| Survivors of the Herero genocide ca 1907 Photo Wikimedia Commons | MR Online Survivors of the Herero genocide, ca. 1907. Photo- Wikimedia Commons

Policing the borders of suffering

Originally published: Jewish Currents on June 21, 2019 by Zoé Samudzi (more by Jewish Currents)  | (Posted Aug 07, 2019)

Like many americans, my first exposure to the idea of concentration camps came from public school lessons about World War II. But a later, formative influence on my understanding was the stories my mother told me about the Zimbabwean liberation struggle and the rural internment space in which she lived as a teenager, a space she has described to me as a “concentration camp.” As is often the case with structures of human containment, these camps’ architects described them euphemistically: the colonial Rhodesian government called them “protected villages.” The intention behind these village spaces, which held a number of rural families in a given area, was to cut indigenous civilians off from any contact with guerrillas fighting for independence; hers was one of several internment camps in Chiweshe, in northwestern Zimbabwe, not far from Mozambique, where there were guerrilla camps across the border.

My mother told me how people were woken by soldiers in the middle of the night, gathered into lorries with whatever belongings they could quickly pack, and brought to a completely undeveloped piece of land, where they had to erect their own shelters. There were no stores to buy food and only a handful of inconveniently-located water taps, so residents initially had to collectively struggle to subsist in the absence of more stable infrastructure. She recalled that the perimeter was surrounded by a wire mesh fence topped with razor wire, and encircled by a ditch. Armed guards—she recalled that they were conscripted indigenous soldiers, rather than white Rhodesian colonial forces—patrolled her camp. Passage into and out of the camp was carefully controlled by means of a single gate and a strict curfew. Residents were forced to carry metal identification cards that permitted exit and entrance; if there was a breach—if the liberation fighters cut a hole in the fence overnight—residents were not allowed to leave. This is how my mother lived from 1976 to 1978, from the age of 15 to the age of 17.

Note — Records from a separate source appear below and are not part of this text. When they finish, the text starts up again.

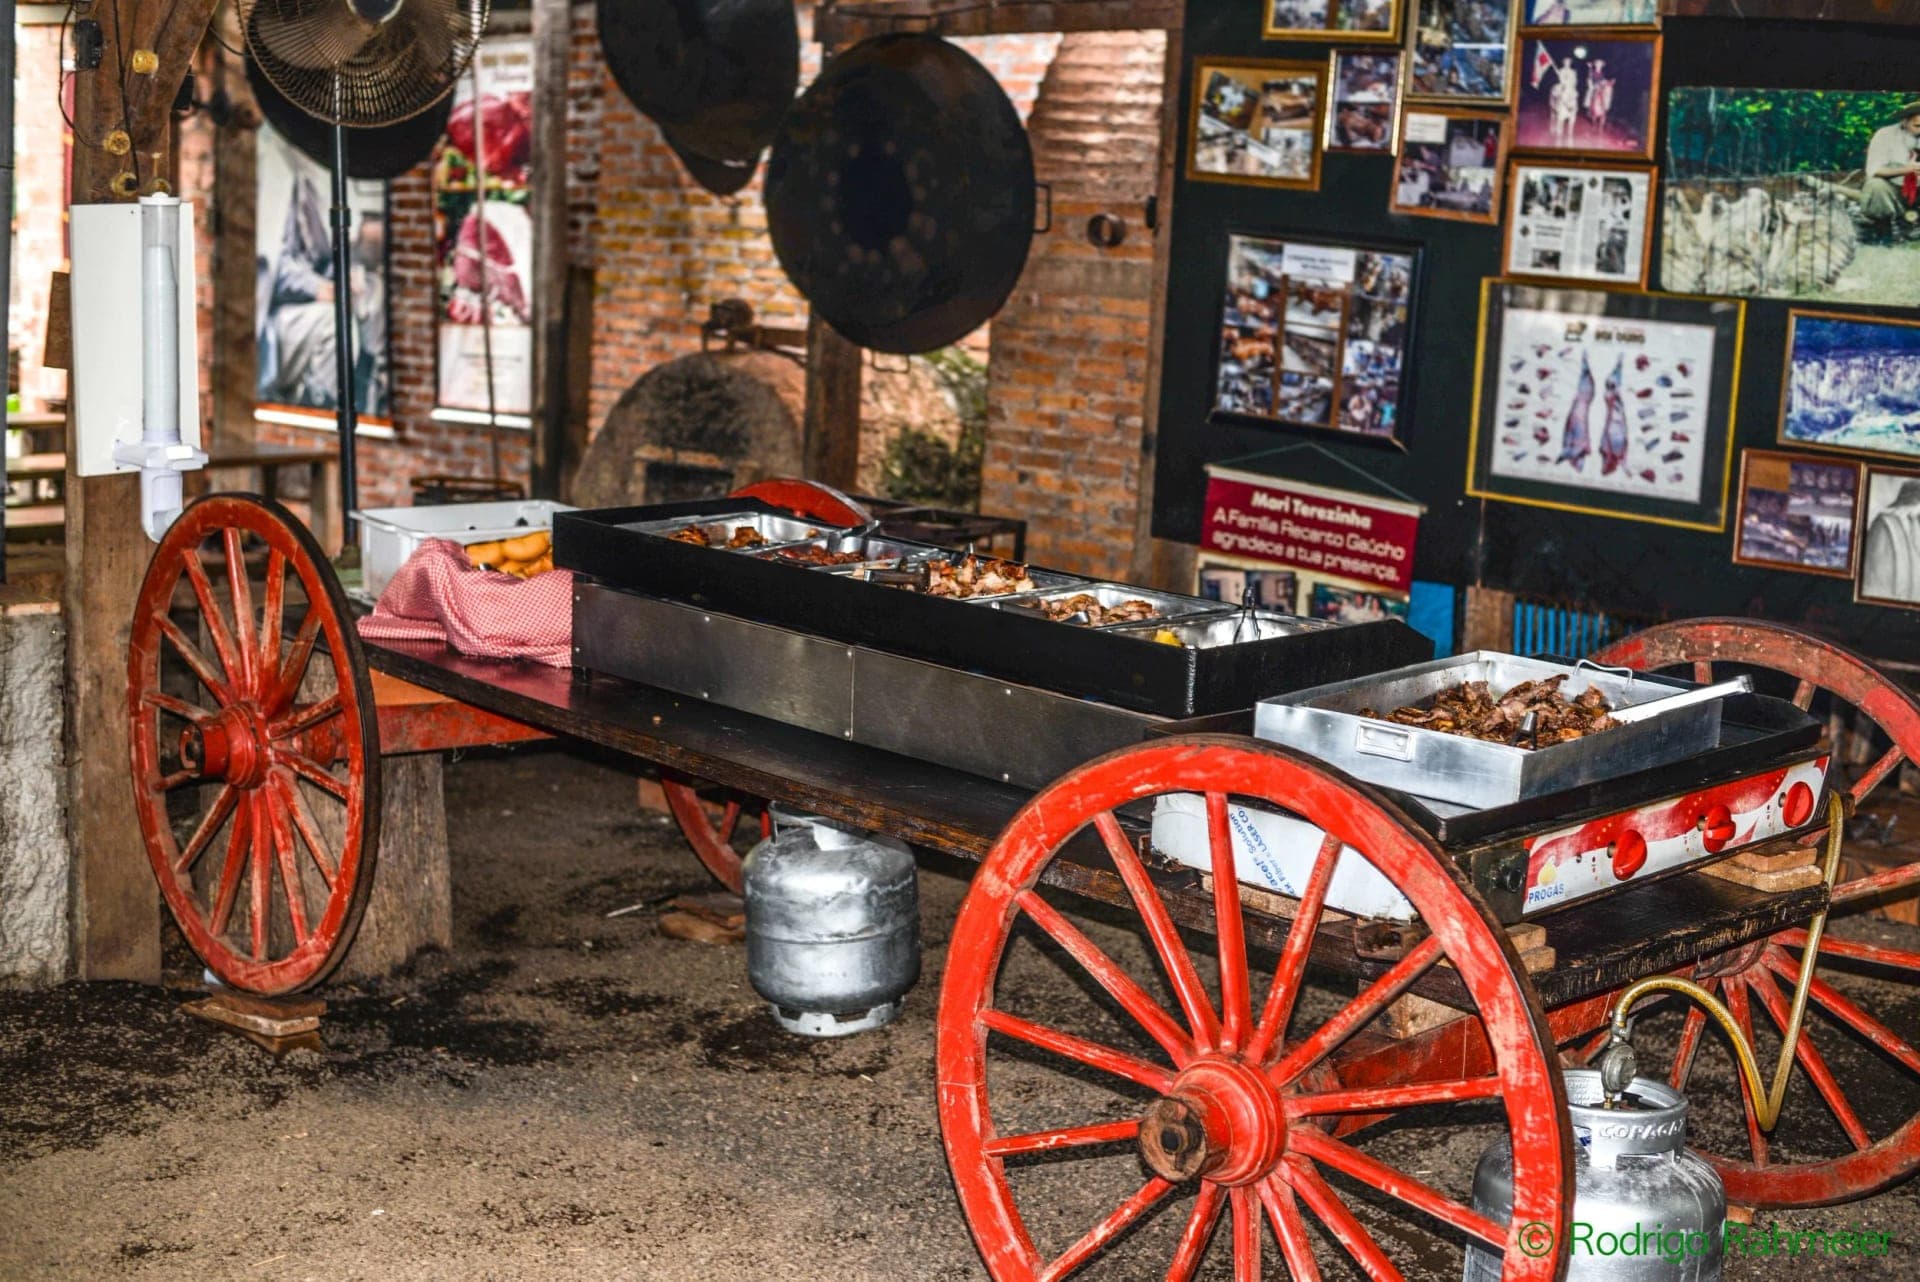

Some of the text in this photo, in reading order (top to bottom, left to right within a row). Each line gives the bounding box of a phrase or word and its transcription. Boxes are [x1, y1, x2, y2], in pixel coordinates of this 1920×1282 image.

[1212, 506, 1228, 525] A
[1280, 519, 1344, 548] Recanto
[1346, 532, 1406, 561] Gaúcho
[1251, 490, 1372, 531] Mari Terezinha
[1212, 530, 1401, 583] agradece a tua presença.
[1247, 823, 1267, 853] LASER
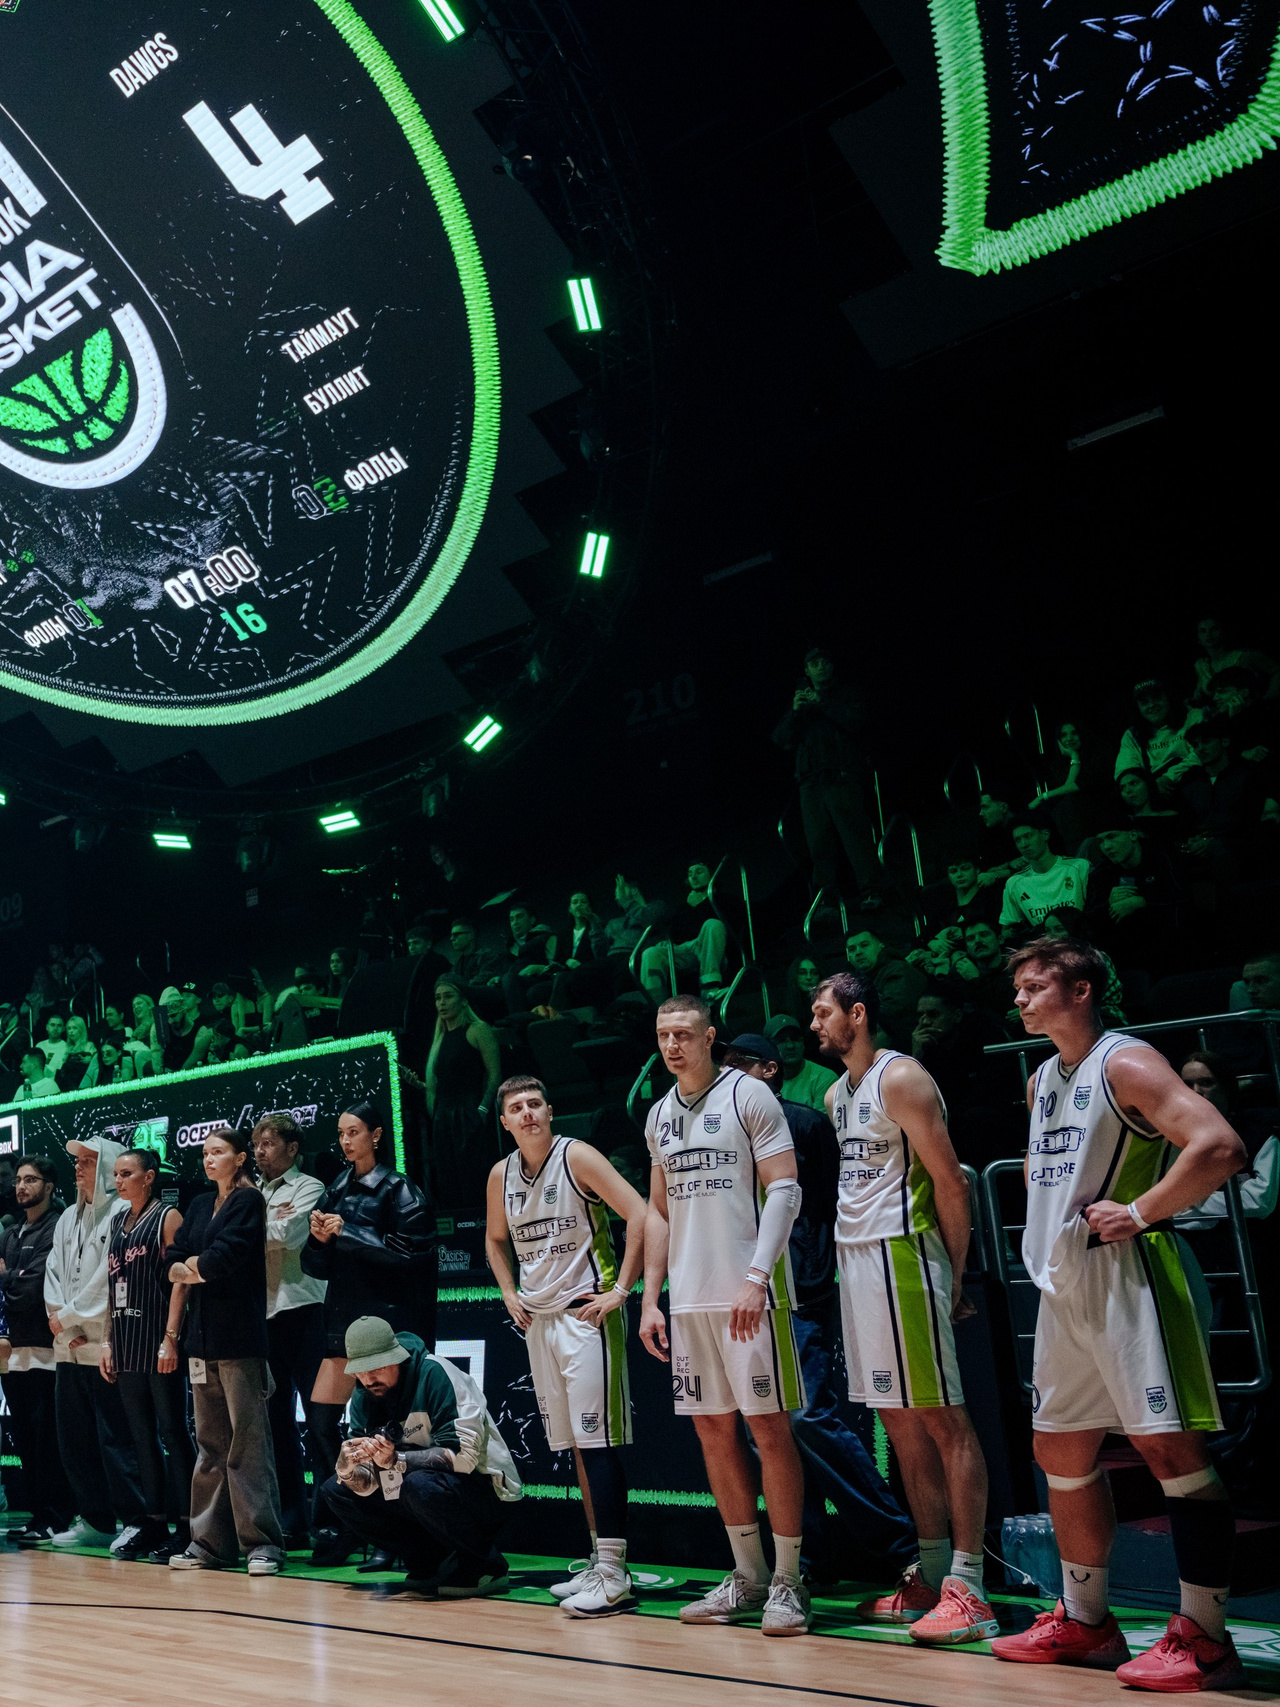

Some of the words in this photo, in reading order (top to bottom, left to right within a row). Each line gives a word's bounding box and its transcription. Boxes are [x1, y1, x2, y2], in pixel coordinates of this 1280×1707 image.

[109, 32, 179, 98] DAWGS
[182, 100, 335, 226] 4
[280, 306, 360, 364] ТАЙМАУТ
[303, 365, 371, 415] БУЛЛИТ
[343, 446, 409, 492] ФОЛЫ
[164, 545, 260, 610] 07:00
[23, 615, 70, 648] ФОЛЫ
[220, 602, 267, 641] 16
[624, 673, 696, 726] 210
[1029, 899, 1076, 919] Emirates
[1040, 1091, 1057, 1123] 10
[660, 1115, 683, 1147] 24
[706, 1179, 733, 1190] REC
[857, 1168, 886, 1180] REC
[517, 1252, 534, 1263] OUT
[550, 1242, 577, 1255] REC
[672, 1375, 702, 1402] 24

As my mother’s experience shows, concentration camps are not always created with explicitly articulated genocidal intent. Yet a particular understanding of the term “concentration camp,” taken to refer exclusively to camps of the kind that Nazis used in their attempt to eradicate European Jewry, has been put to use to critique Rep. Alexandria Ocasio-Cortez’s deployment of the term to refer to migrant detention centers on the southern border. Undoubtedly, Ocasio-Cortez intended the connection. Holocaust analogies are rhetorically and politically useful because they evoke a particular affective politic: when a marginalized group’s suffering can be successfully compared to the atrocities inflicted by Nazis, that suffering is legitimized, and afforded a specific kind of gravity.

Both mainstream Jewish institutions and non-Jewish liberal and conservative commentators took it upon themselves to censure Ocasio-Cortez’s use of “concentration camps,” with Rep. Liz Cheney accusing the freshman representative of “demean[ing]” the memory of those who died in the Holocaust.” Jewish Currents’ Noah Kulwin writes that “in these cases the Jewish establishment steps in as umpire” to judge the validity of references to the Holocaust, taking on the task of conferring or withholding the legitimacy of the analogy. Such establishment figures often, Kulwin writes, offer “readings of the Holocaust [that] suggest that there are no broader lessons to be drawn from it, other than the unique persecution faced by Jews.” Holocaust Studies scholar and Editor-in-Chief of Protocols Ben Ratskoff described this phenomenon to me as a “possessive investment in Holocaust memory,” or the operating “assumption that Jews alone have authority over terms that ‘evoke’ the Holocaust—terms such as ‘concentration camp.’” In this way, the analogy functions less as a tool for mobilizing empathy and more as a means of emotional-historical gatekeeping.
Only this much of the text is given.